FORWARD: eu acrescentaria um '!' (NOT) destino:

iptables -A FORWARD -i ???? -s 192.168.y.0/24 ! -d 192.168.x.0/24 -j ACCEPT

repita para a outra interface/rede

êsse modêlo define que ACEITA para qualquer destino, MENOS aquêle um.

jptudobem
(usa Debian)

Enviado em 28/10/2010 - 14:13h

essa regra não equivale à que ja tenho?

iptables -A FORWARD -s 192.168.y.0/24 -d 192.168.x.0/24 -j DROP
iptables -A FORWARD -s 192.168.X.0/24 -d 192.168.Y.0/24 -j DROP

Se não, em que parte do firewall vc acescentaria?

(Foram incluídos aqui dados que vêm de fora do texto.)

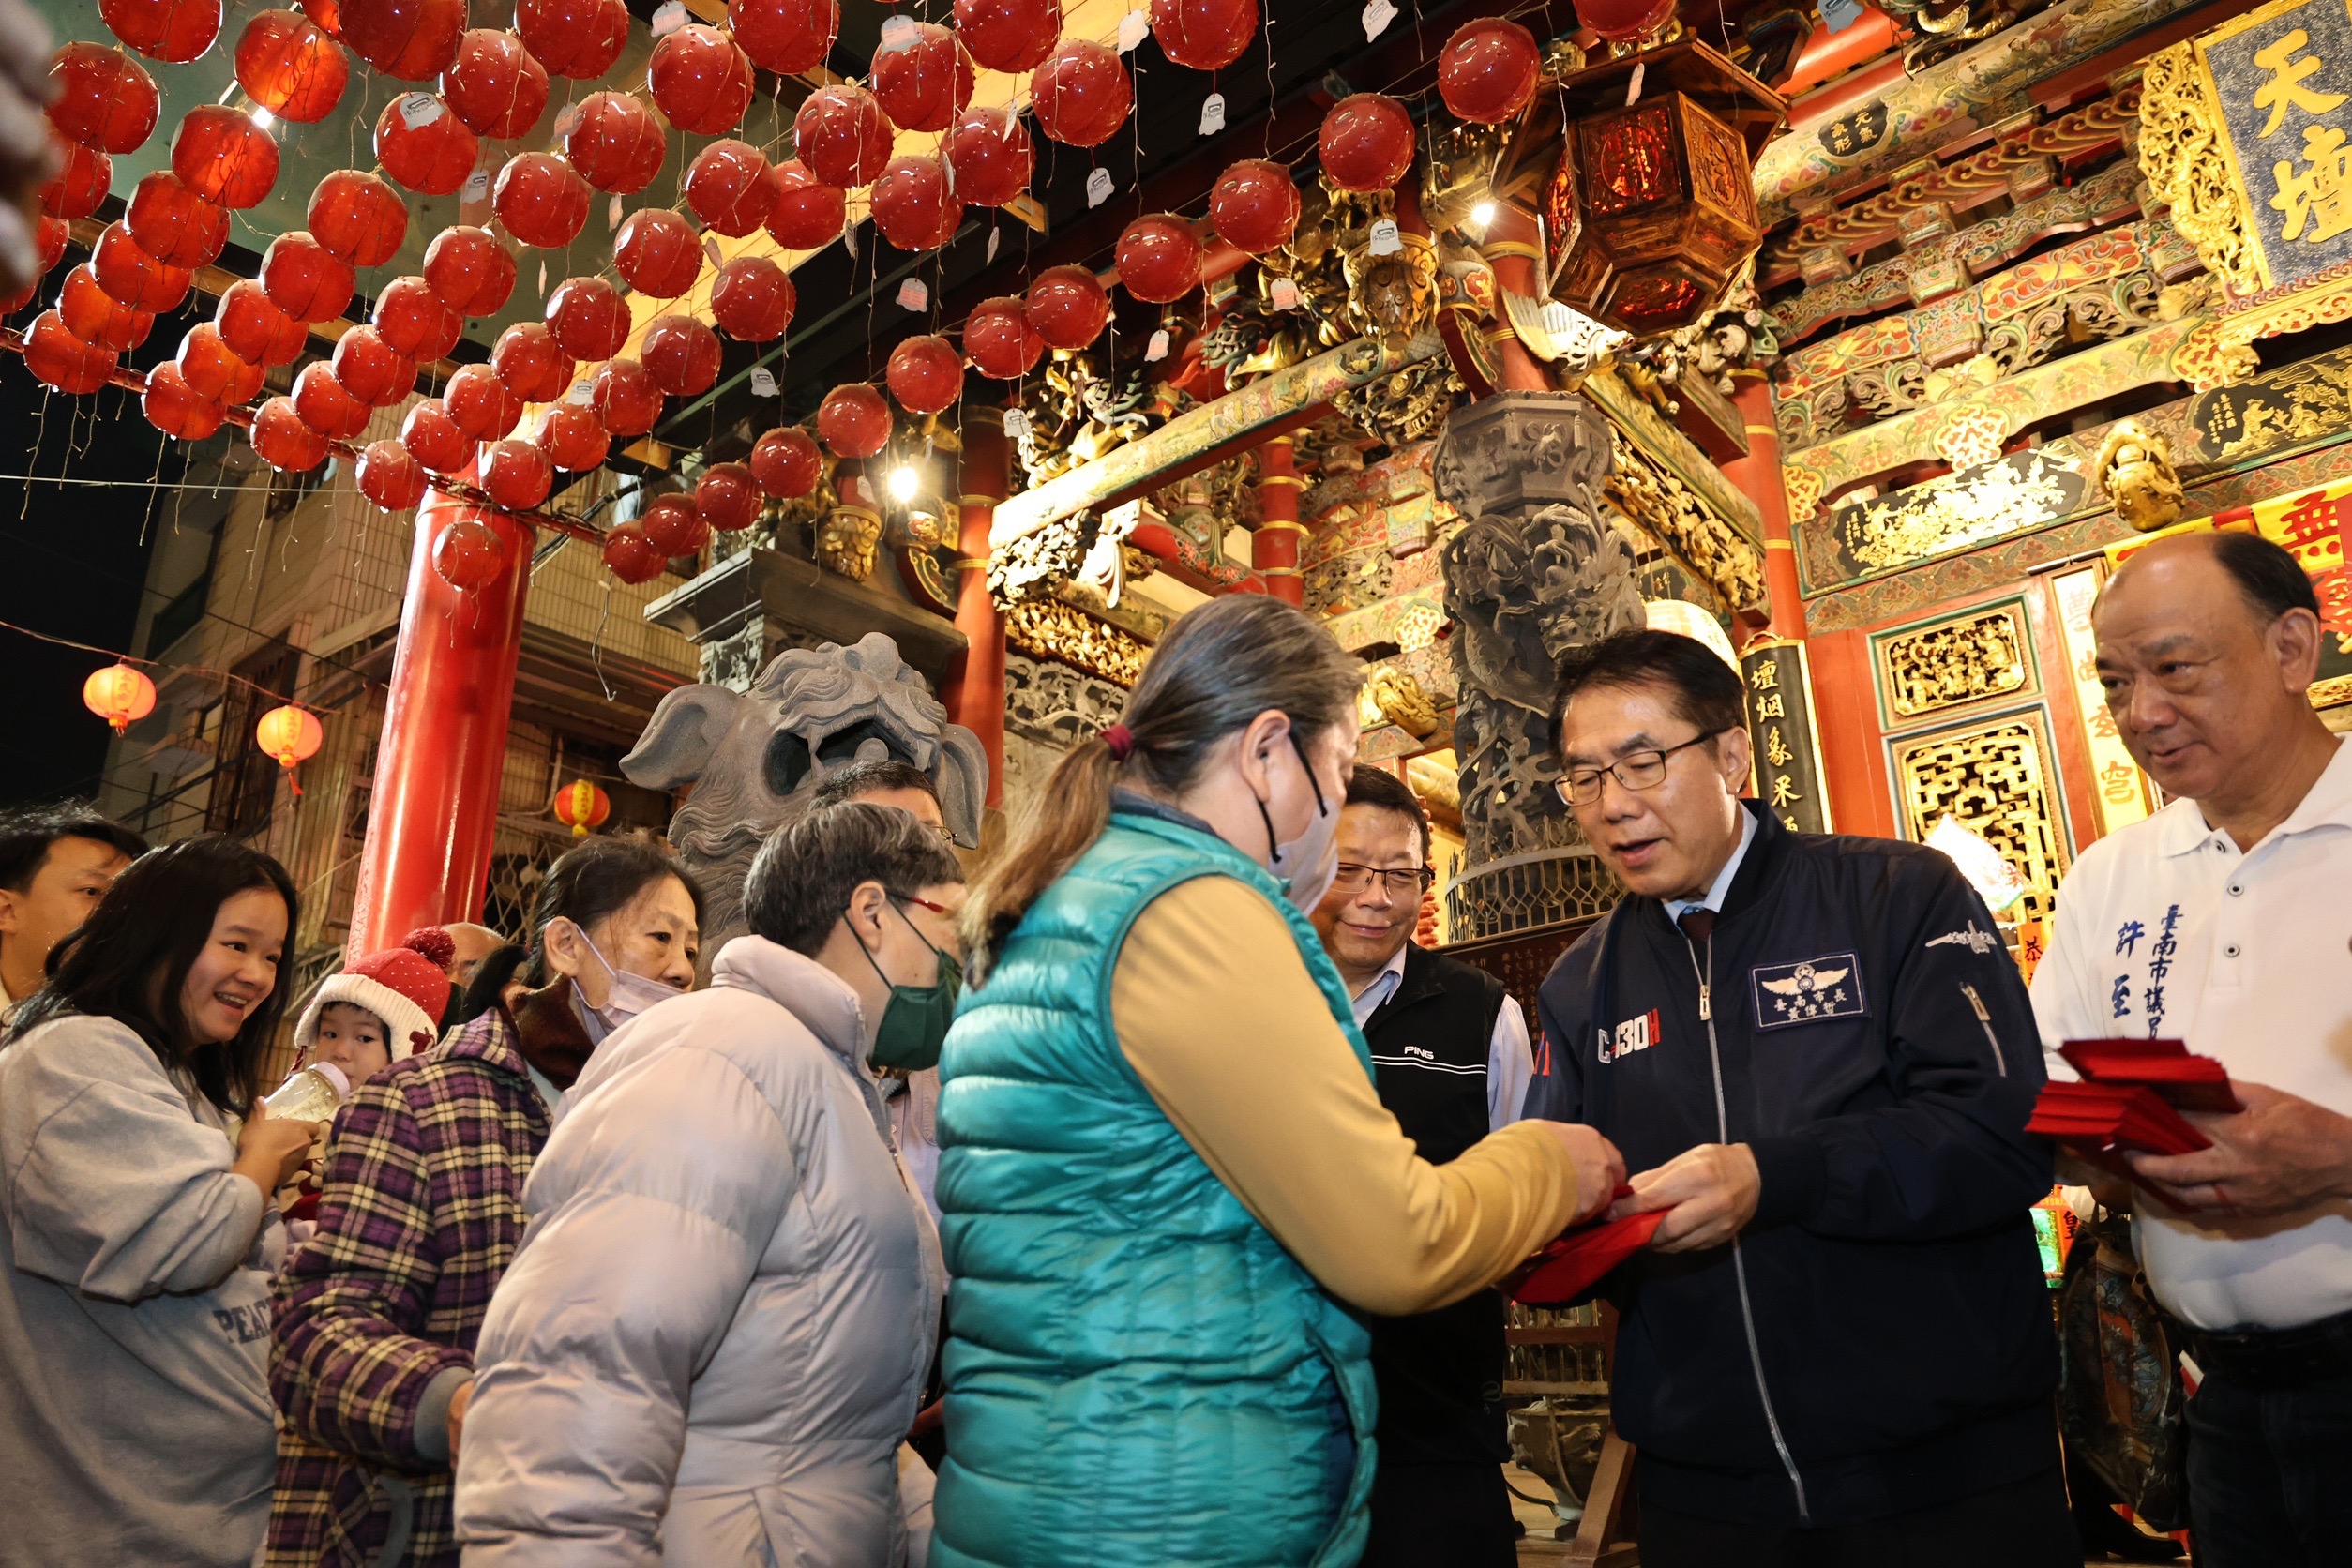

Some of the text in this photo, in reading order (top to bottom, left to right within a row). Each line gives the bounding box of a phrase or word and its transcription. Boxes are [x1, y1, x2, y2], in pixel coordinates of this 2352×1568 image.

Sobre a NOREDIRECT, eu tenho masi regras nela... mas deixei só uma como exemplo para nao ficar um post muito extenso.

miura 787
(usa Ubuntu)

Enviado em 28/10/2010 - 14:22h

Dê uma pesquisada sobre vLans!


Ats
Miura 787

jptudobem
(usa Debian)

Enviado em 28/10/2010 - 14:27h

Acho a VOL o maior centro de conhecimento e pesquisa de Linux do Brasil.
Se vim aqui, se postei algo a respeito do meu problema, pressupõe-se que preciso de ajuda.

Acredito que, se respostas como "Dê uma pesquisada sobre vLans" resolvesse problemas, a VOL podia redirecionar todos os links das comunidades que possui para o www.google.com.br.

Se não pode ajudar amigo, deixe este espaço para quem pode e quer ajudar.